Clare McAndrew, Founder, Arts Economics said: "While art sales have been relatively resilient during the crisis, some of the biggest fears for dealer sector have centered on employment. This research has uncovered some promising signs that some job losses have been recouped in 2021, along with indications of transformations within the industry that will continue to affect working practices in future.
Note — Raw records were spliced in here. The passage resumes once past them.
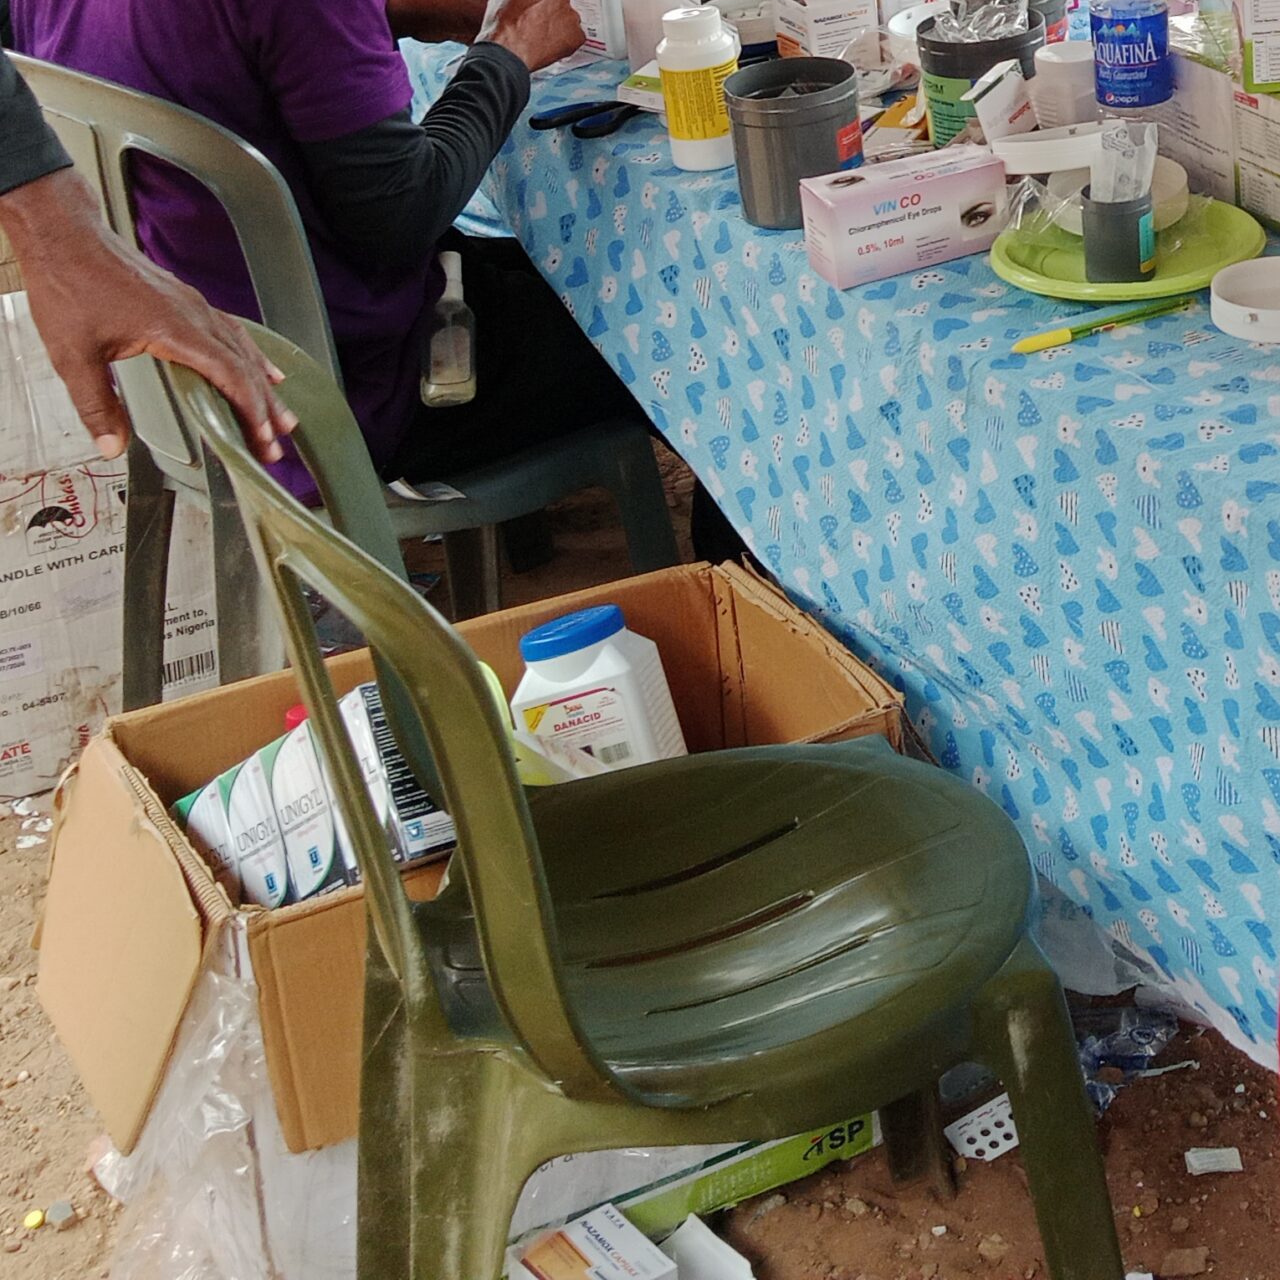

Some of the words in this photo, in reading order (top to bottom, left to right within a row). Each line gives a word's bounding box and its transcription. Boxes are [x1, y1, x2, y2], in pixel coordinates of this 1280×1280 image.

[1115, 95, 1140, 104] pepsi
[872, 200, 898, 217] VIN
[900, 193, 922, 210] CO
[907, 208, 921, 223] Eye
[922, 205, 943, 219] Drops
[46, 553, 85, 572] WITH
[175, 618, 215, 636] Nigeria
[553, 712, 602, 732] DANACID
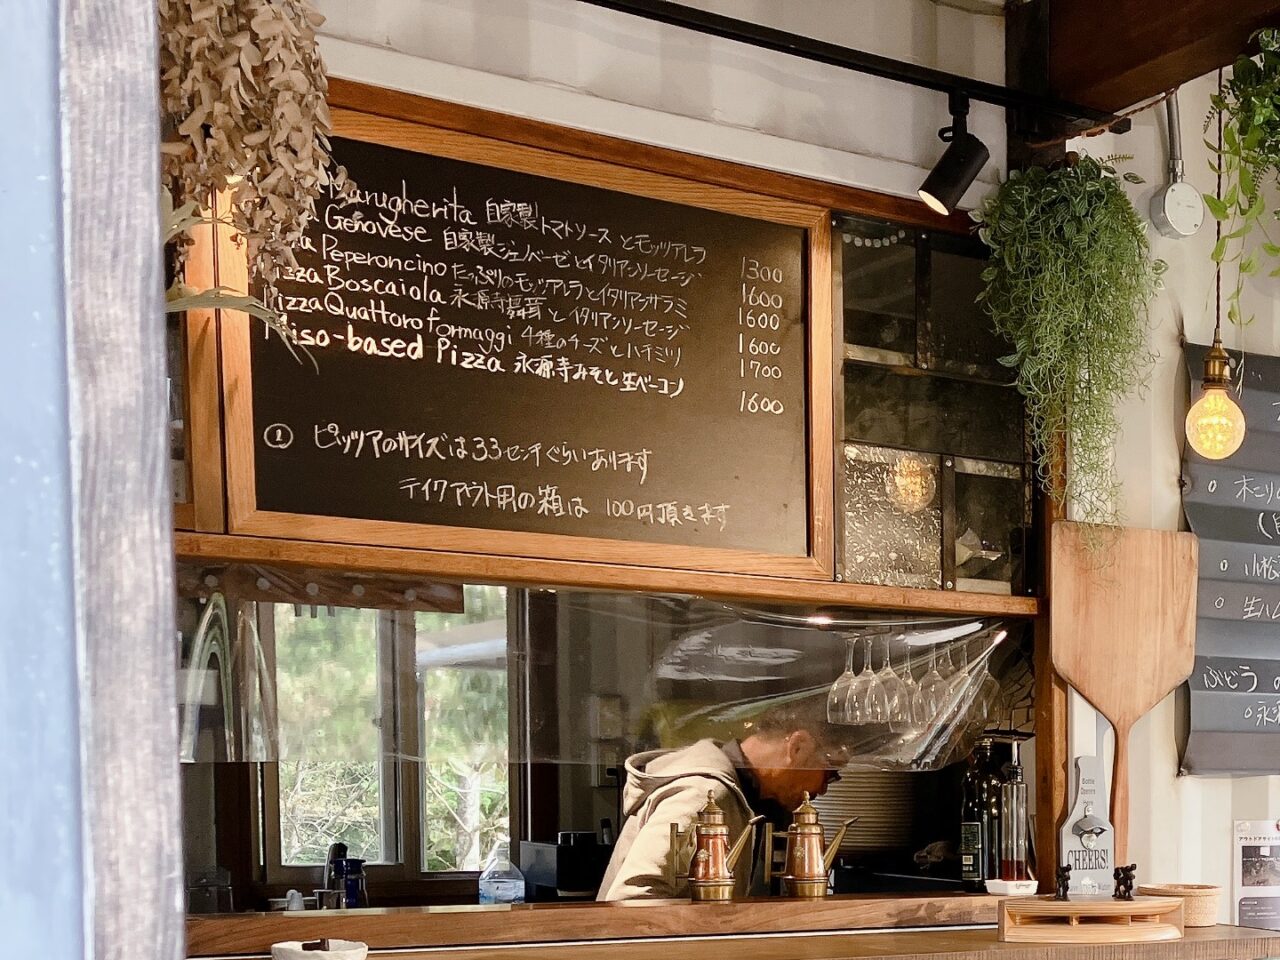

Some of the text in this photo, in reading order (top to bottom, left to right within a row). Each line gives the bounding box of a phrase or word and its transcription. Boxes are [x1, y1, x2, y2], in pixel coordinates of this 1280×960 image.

[322, 234, 447, 277] Peperoncino
[739, 307, 780, 331] 1600
[741, 256, 783, 284] 1300
[742, 283, 782, 309] 1600
[323, 264, 447, 304] Boscaiola
[739, 333, 781, 355] 1600
[427, 307, 513, 354] formaggi
[741, 359, 782, 379] 1700
[437, 338, 505, 373] Pizza
[740, 391, 784, 415] 1600
[1067, 848, 1109, 871] CHEERS!
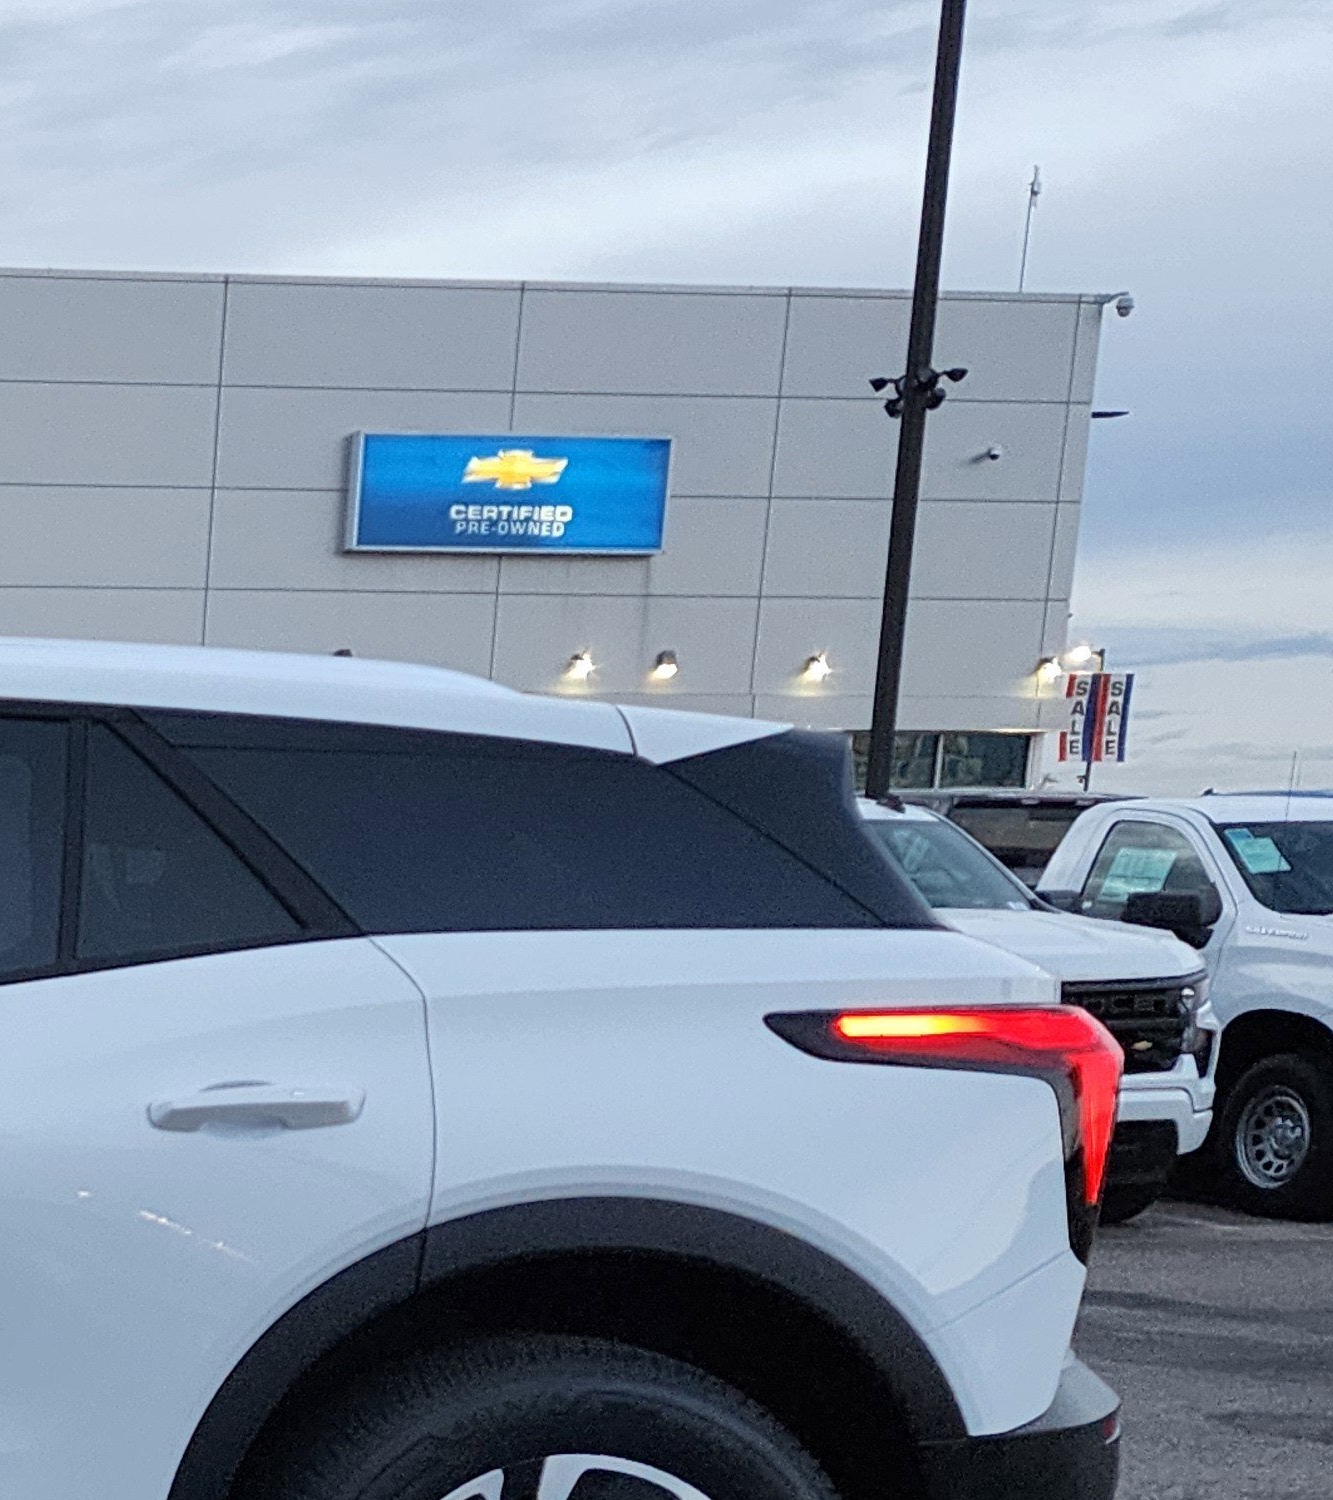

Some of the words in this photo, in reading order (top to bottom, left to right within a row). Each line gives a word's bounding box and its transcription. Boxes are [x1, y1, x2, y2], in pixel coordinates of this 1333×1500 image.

[449, 504, 573, 522] CERTIFIED
[455, 521, 565, 537] PRE-OWNED
[1069, 680, 1089, 755] SALE
[1105, 681, 1124, 755] SALE
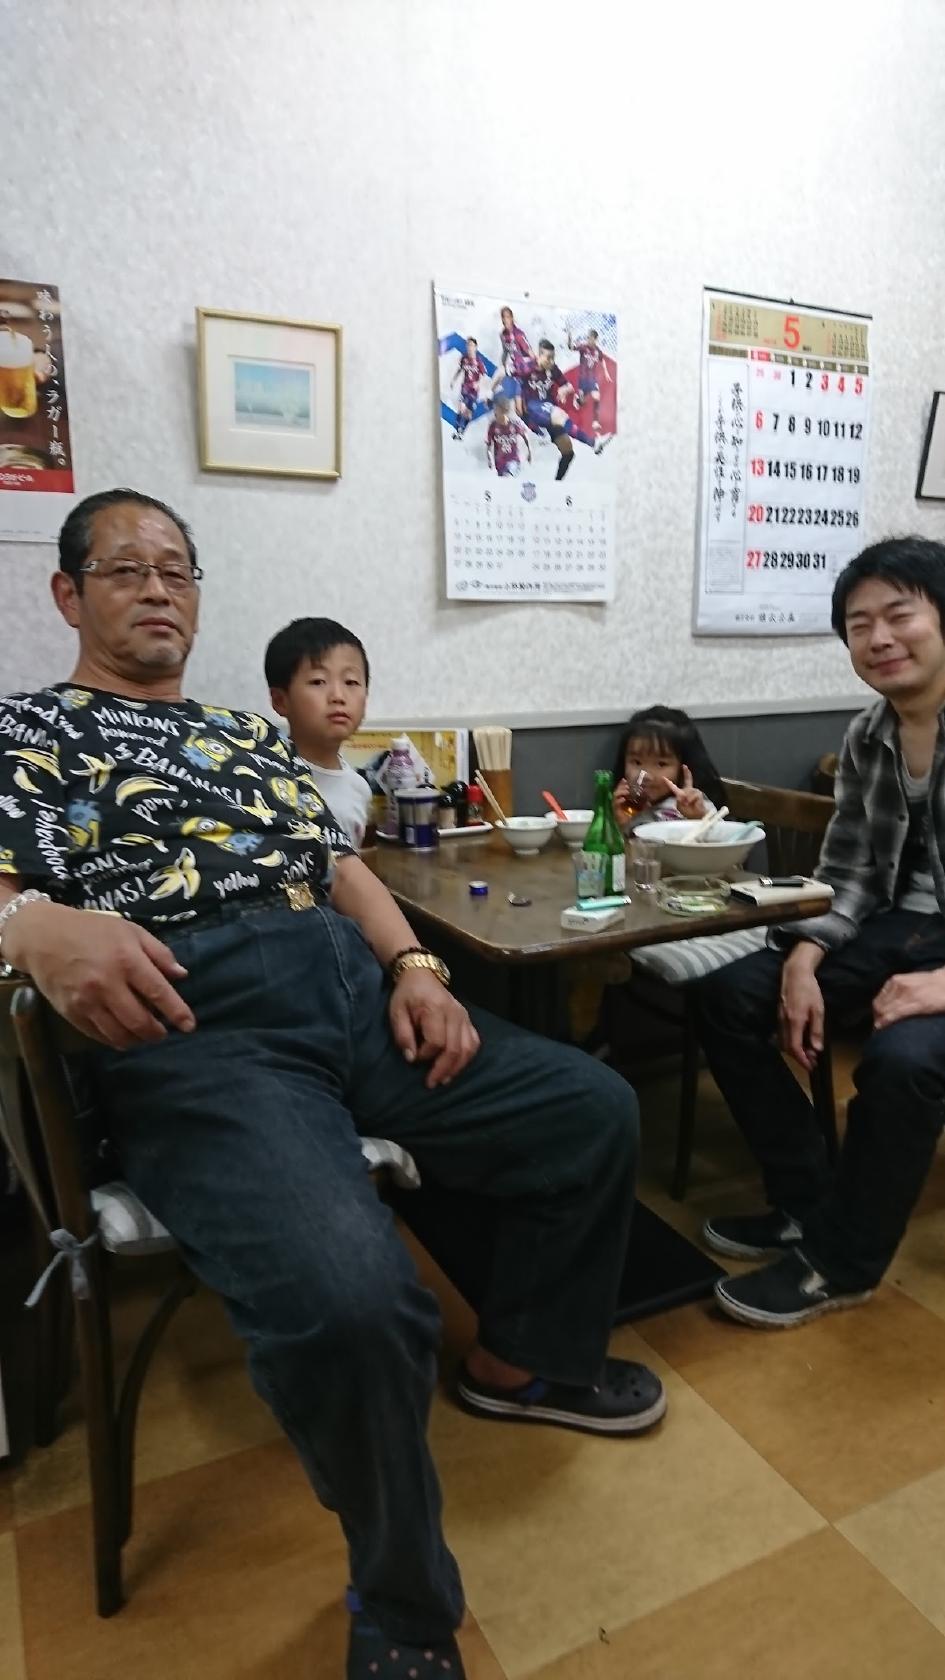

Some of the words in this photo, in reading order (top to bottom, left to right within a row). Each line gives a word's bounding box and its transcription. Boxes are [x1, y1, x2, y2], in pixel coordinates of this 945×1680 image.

[783, 314, 801, 350] 5
[790, 371, 796, 387] 1
[805, 372, 813, 388] 2
[820, 374, 829, 392] 3
[837, 376, 846, 393] 4
[854, 377, 863, 395] 5
[755, 410, 764, 430] 6
[772, 413, 780, 432] 7
[788, 416, 796, 433] 8
[804, 418, 811, 435] 9
[818, 420, 830, 437] 10
[834, 422, 845, 438] 11
[850, 424, 863, 440] 12
[751, 459, 764, 476] 13
[768, 461, 781, 478] 14
[784, 462, 797, 479] 15
[800, 464, 813, 480] 16
[816, 465, 828, 482] 17
[832, 466, 844, 483] 18
[848, 467, 860, 484] 19
[748, 505, 764, 522] 20
[766, 506, 780, 523] 21
[782, 507, 796, 524] 22
[797, 508, 812, 525] 23
[814, 509, 829, 525] 24
[830, 510, 844, 526] 25
[845, 511, 859, 528] 26
[747, 551, 760, 568] 27
[763, 552, 778, 569] 28
[780, 552, 794, 569] 29
[795, 553, 810, 570] 30
[813, 554, 826, 570] 31
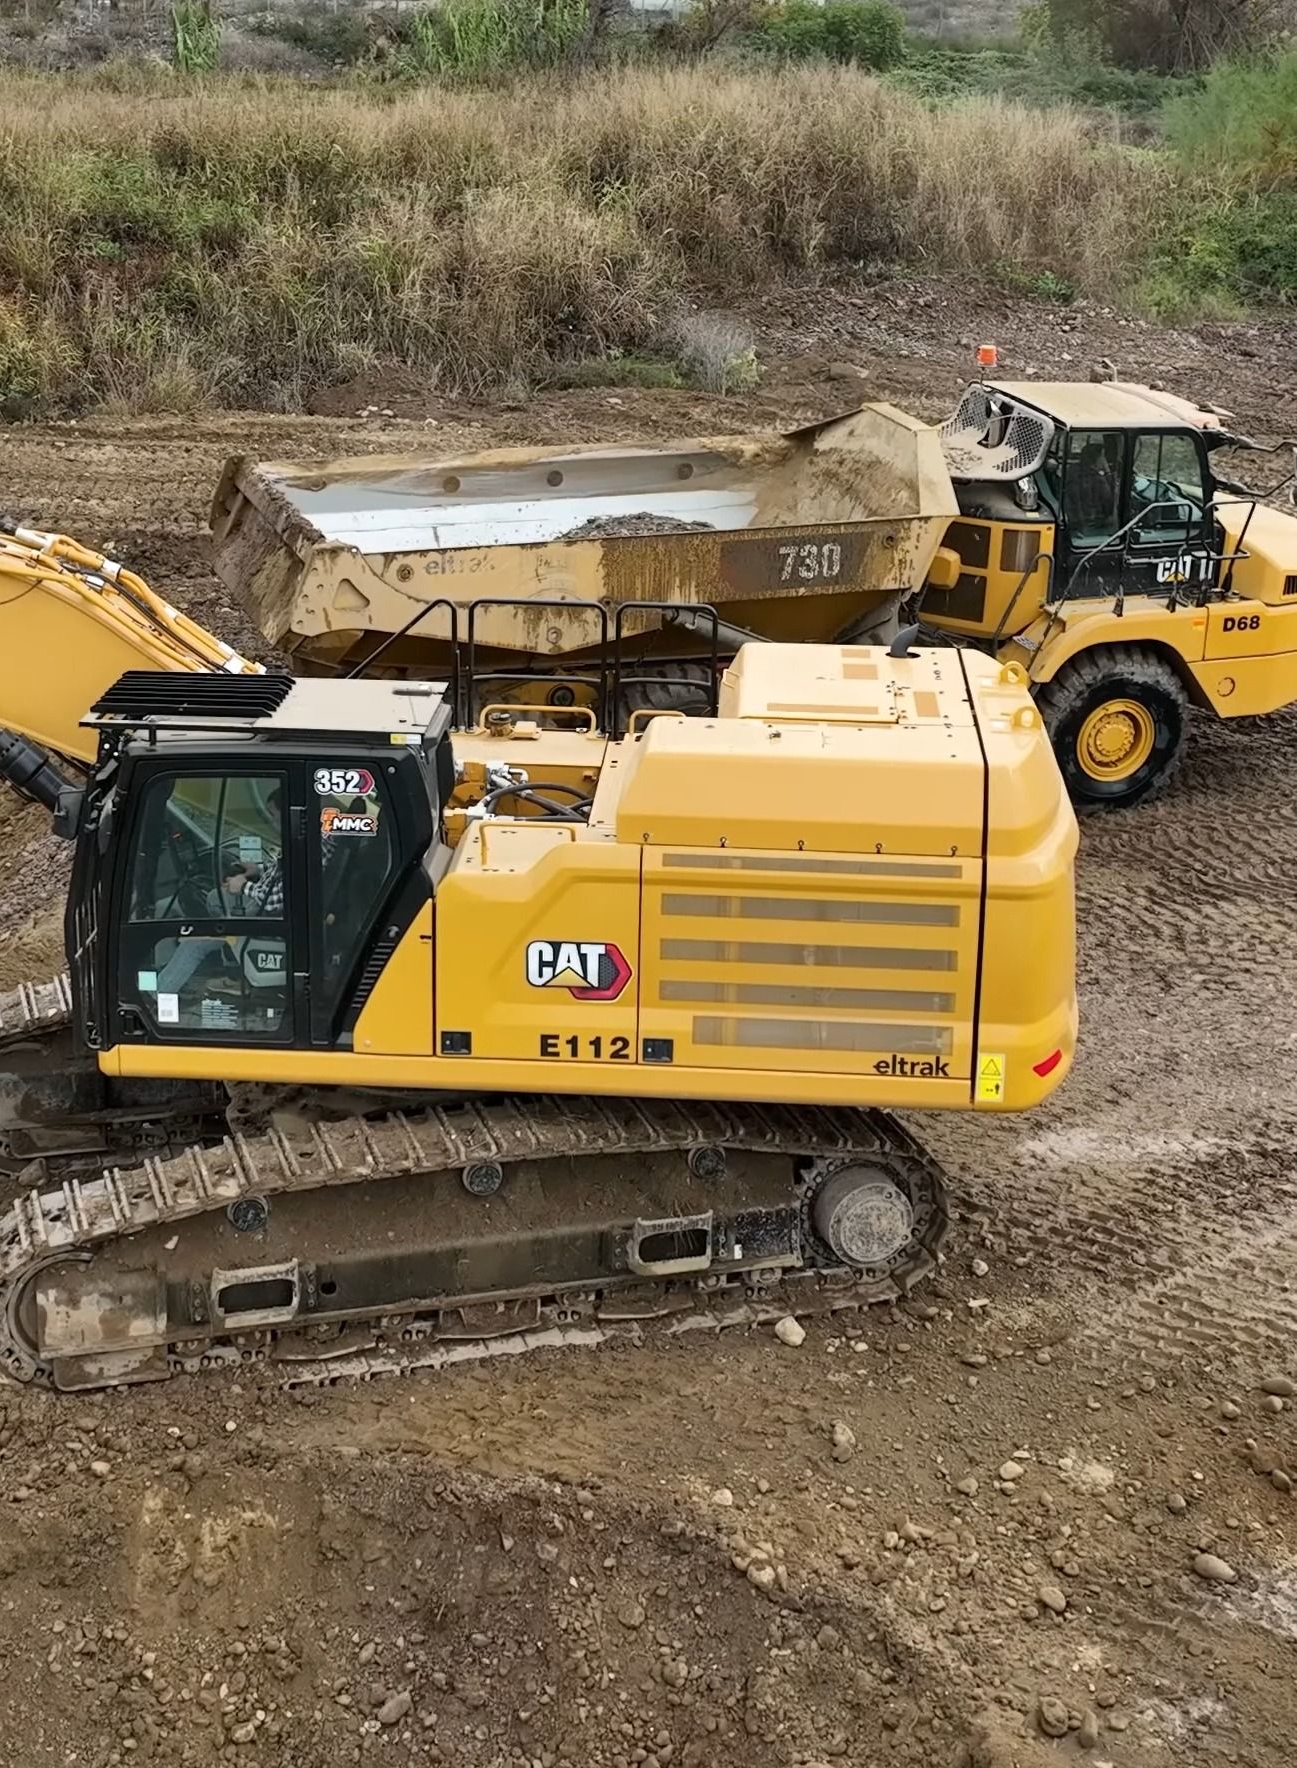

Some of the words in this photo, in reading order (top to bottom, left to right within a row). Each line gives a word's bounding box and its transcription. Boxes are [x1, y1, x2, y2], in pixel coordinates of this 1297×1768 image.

[779, 543, 841, 580] 730
[1223, 615, 1260, 632] D68
[316, 770, 360, 793] 352
[332, 817, 372, 831] MMC
[257, 952, 283, 970] CAT
[527, 940, 606, 988] CAT
[540, 1034, 630, 1060] E112
[872, 1054, 950, 1077] eltrak
While some aspects of work are changing, a constant in the sector is the dominance of high knowledge, gender balanced employment. The research showed that, alongside the quality of the work and artists they offered, dealers are valued by collectors most for their knowledge and expertise as well as the long-term focus and trust built into their relationships. As more art is sold online and outside the traditional gallery framework, their critical role in establishing and managing the careers of artists has also been highlighted.“
Marc Spiegler, Global Director, Art Basel said: “Arriving on the heels of one of the most challenging and transformative years for the global art market, Clare McAndrew’s Mid-Year Review provides critical insights on the continued effects of the COVID-19 pandemic on dealers in particular. Much has now been learned especially about the digital strategies adapted the year prior, which will inform their longer-term applications. The report also reveals that the remarkably robust and continued interest in collecting is a key driver in the sector’s recovery, as collectors remain eager to engage in art buying with dealers and galleries in person once more.“
The findings of this survey will be discussed in an expert panel at Art Basel which will also be livestreamed as a webcast. Please check http://www.ubs.com/collecting for updates.
UBS at Art Basel To mark Art Basel, UBS presents a new exhibition and projects that highlight the power of art to inspire positive change. ‘Reimagining: A Better World’ is an exhibition of works from the UBS Art Collection that address today’s most pressing issues. The exhibition is available free online via the virtual UBS Art Gallery (September 16-November 28), and will also be on display in the UBS Lounge at Art Basel. In the UBS Art Studio, in the public area of Art Basel, two projects focus on the role art can play in making the world a better place: ‘Little Sun’ is an organization founded by Olafur Eliasson, and features a project by artist collaborative ‘Ghost of a Dream’ to raise funds for solar lamps in regions without access to electricity. Bottletop will present flags designed by artist Morag Myerscough to raise awareness of UN Sustainable Development Goal 7: Affordable and Clean Energy. Each is treated with Ultra-Violet Photocatalysis, a process which actively purifies the air. At the Fondation Beyeler (September 21), Olafur Eliasson will discuss his practice in conversation with Hans Ulrich Obrist, Artistic Director, Serpentine Galleries, London, as part of UBS’s ongoing Artist Talks programme, which invites leading contemporary artists to speak about their work.